Renewed calls for accountability after revelations on origin of 'Operation Catalonia' smear campaign
Congress restarts investigatory committee on covert state actions against independence movement
The so-called 'Operation Catalonia' – the alleged covert smear campaign against members of the Catalan independence movement devised by Spanish National Police officers and the interior ministry of the conservative Spanish government of Mariano Rajoy – has made headlines once again this week following revelations on its origin: 2012, only days after the September 11 National Day protest saw 1.5 million people take to the streets of Barcelona, according to an extensive report published in 'Crónica Libre' and 'La Vanguardia' on Tuesday.
According to this joint journalistic investigation, the then-Spanish interior minister Jorge Fernández Díaz saw the mass demonstration as an "indicator of the severity of the situation in Catalonia," setting off a chain of events leading to a purported extra-judiciary investigation into members of the pro-independence and attempts to discredit them with faulty information.

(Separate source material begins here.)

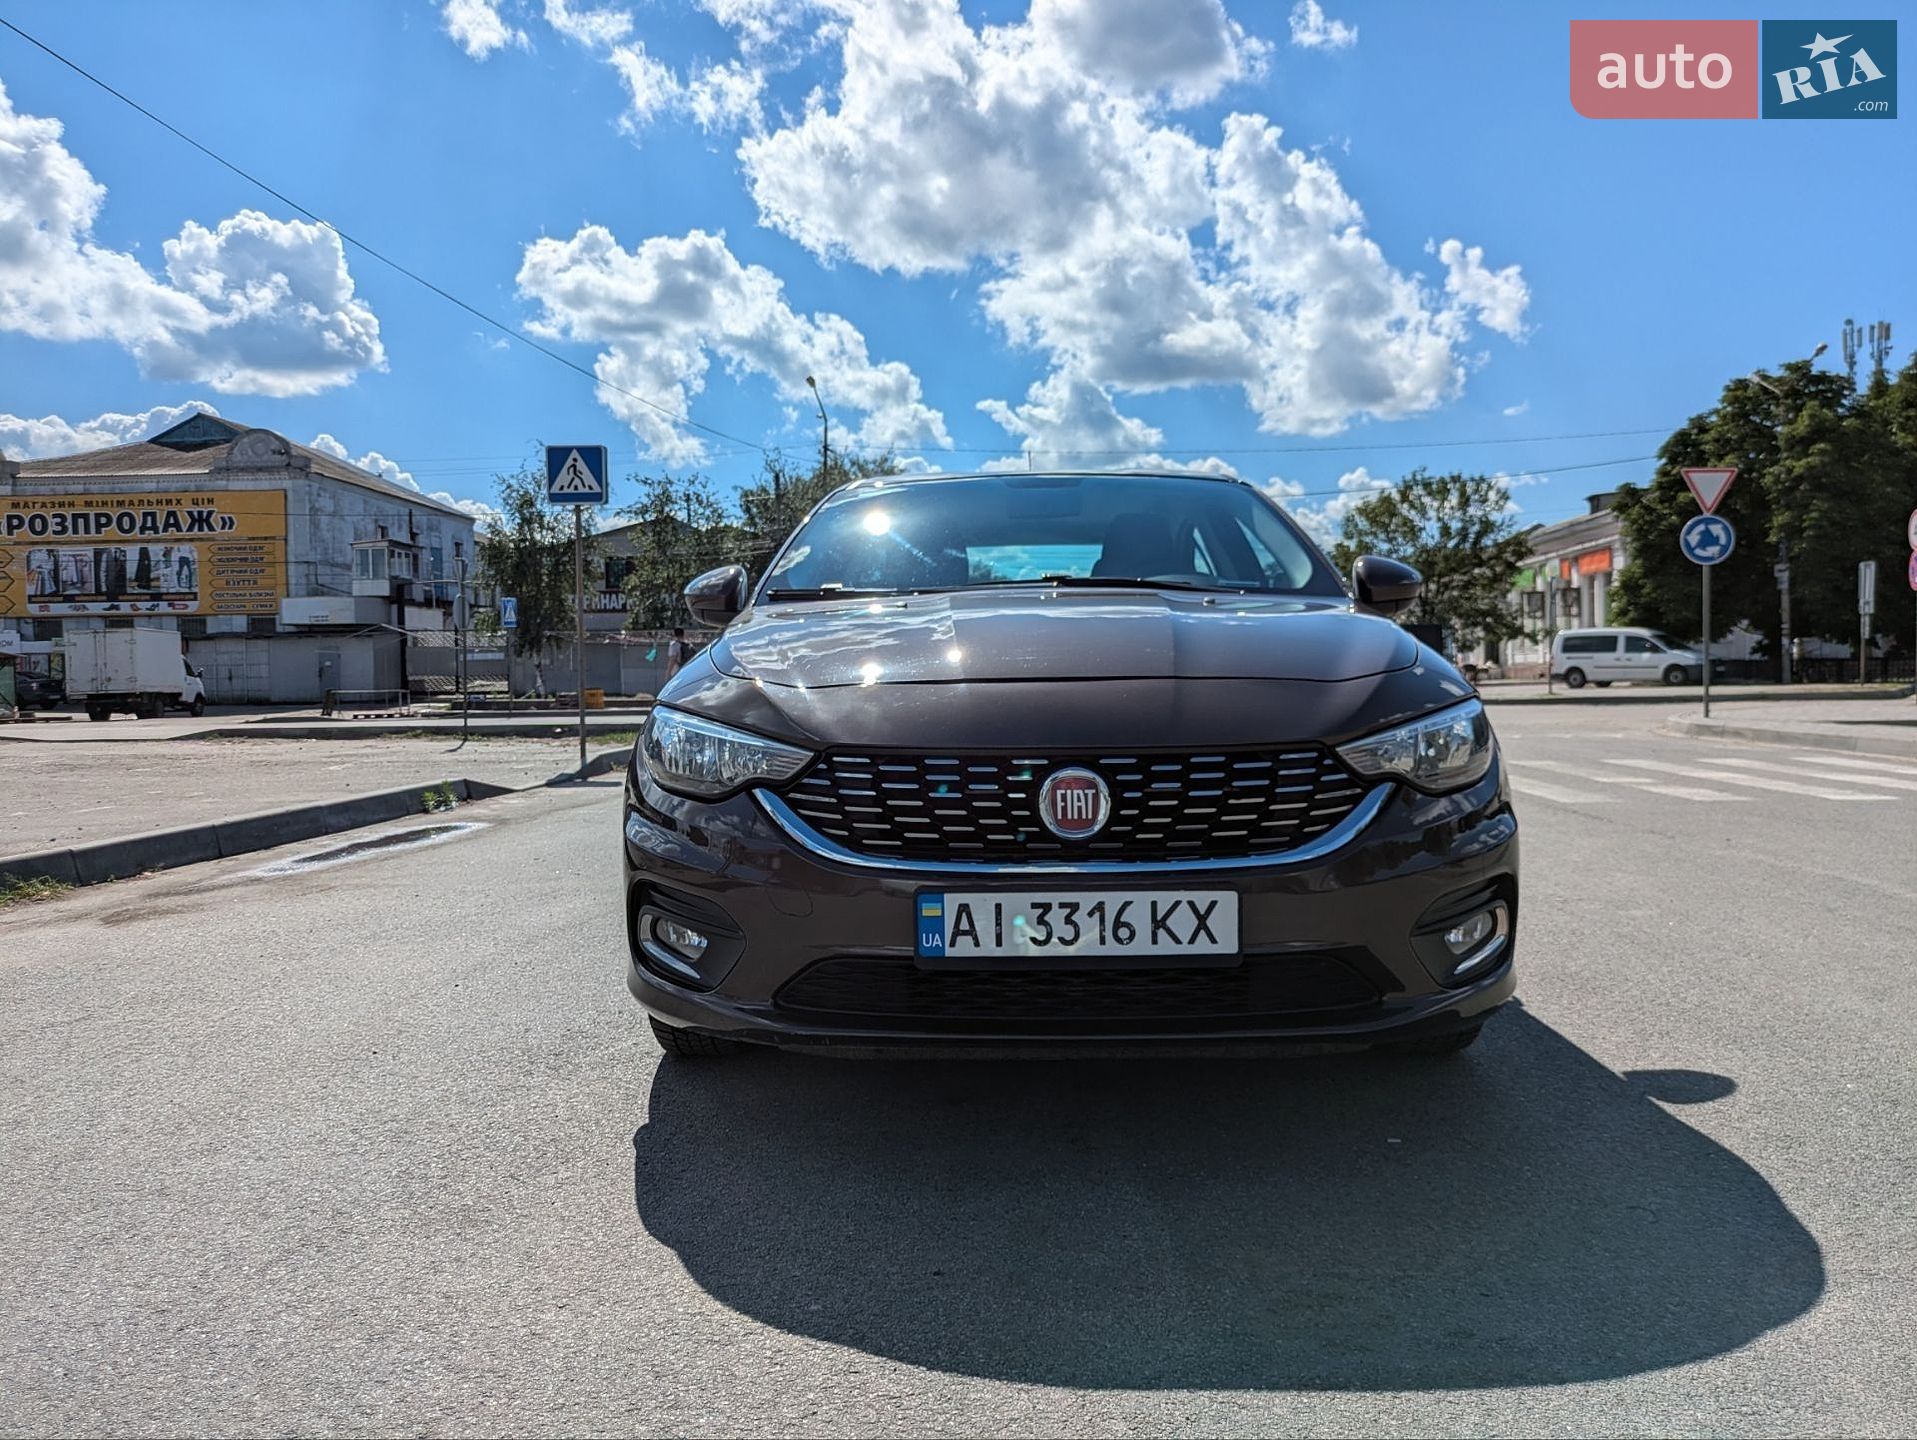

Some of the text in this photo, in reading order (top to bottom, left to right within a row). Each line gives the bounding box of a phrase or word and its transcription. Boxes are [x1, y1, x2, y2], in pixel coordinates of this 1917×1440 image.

Spain's Congress bureau voted in favor of reactivating its investigatory committee into 'Operation Catalonia' the very day the 'Crónica Libre' and 'La Vanguardia' article was published, with Catalan pro-independence parties backing the motion alongside Basque and Galician parties as well as the Socialists and Podemos and Rajoy's People's Party and far-right Vox rejecting it.
Although this had initially been approved last September, parties had made no progress in this regard since then, and will now have until March 21 to designate their committee representatives.
The Catalan government welcomed this decision, but expressed some skepticism as to whether those responsible for the campaign would truly be brought to justice, with spokesperson Patrícia Plaja explaining that Barcelona would only take action when if it deemed it "necessary, useful, and practical" to do so.
And while the current interior minister, the Socialists' Fernando Grande-Marlaska, said he thought it was "perfect" that the committee was being relaunched, he refrained from commenting on the matter later on in the Senate when a Junts per Catalunya politician brought it up, and instead insisted that Spain was a "full democracy."
Marlaska's fellow party mate, Spanish government spokesperson Isabel Rodríguez, however, has been more direct about the gravity of the allegations against People's Party officials and police officers, and stressed that the public prosecutor has already requested a 15-year sentence for the former interior minister for a separate corruption case.
The People's Party, meanwhile, continues to deny the existence of 'Operation Catalonia', describing it as "fiction to fuel the conspiracy theory of a state campaign against the pro-independence movement."
Madrid court investigation
The revelations on the origin of the smear campaign come a week after the news broke that a court in the Spanish capital had accepted considering a complaint filed by former FC Barcelona president Sandro Rosell against several former Spanish police officers for the 'Catalonia Operation'.
This is the first time that the Spanish judiciary has opted to investigate the alleged operation of Spanish politicians, civil servants, police officers, members of the judiciary, and the media against the Catalan independence movement.
According to the documentation the Catalan News Agency has had access to, the 13th District Court of Madrid accepted the complaint in October and asked the prosecution if it saw any inconvenience in investigating the case. In January, the public body gave its approval and has now asked the National Police for the details of the defendants to summon them.
The complaint is directed against the former commissioner of the National Police, José Manuel Villarejo, the former inspector and partner of Villarejo, Antonio Jiménez Raso, another inspector Alberto Estévez, and an ex-agent of the FBI assigned to the American embassy in Madrid, Marc Varri.
Former PM under investigation in Andorra
Last June, the neighboring country of Andorra announced an inquiry into Rajoy and two of his former ministers, Jorge Fernández Díaz and Cristóbal Montoro.
They are accused of pressuring bank officials in 2014 into providing them with account details of former Catalan president Jordi Pujol and his family and then-president Artur Mas as well as then-vice president Oriol Junqueras.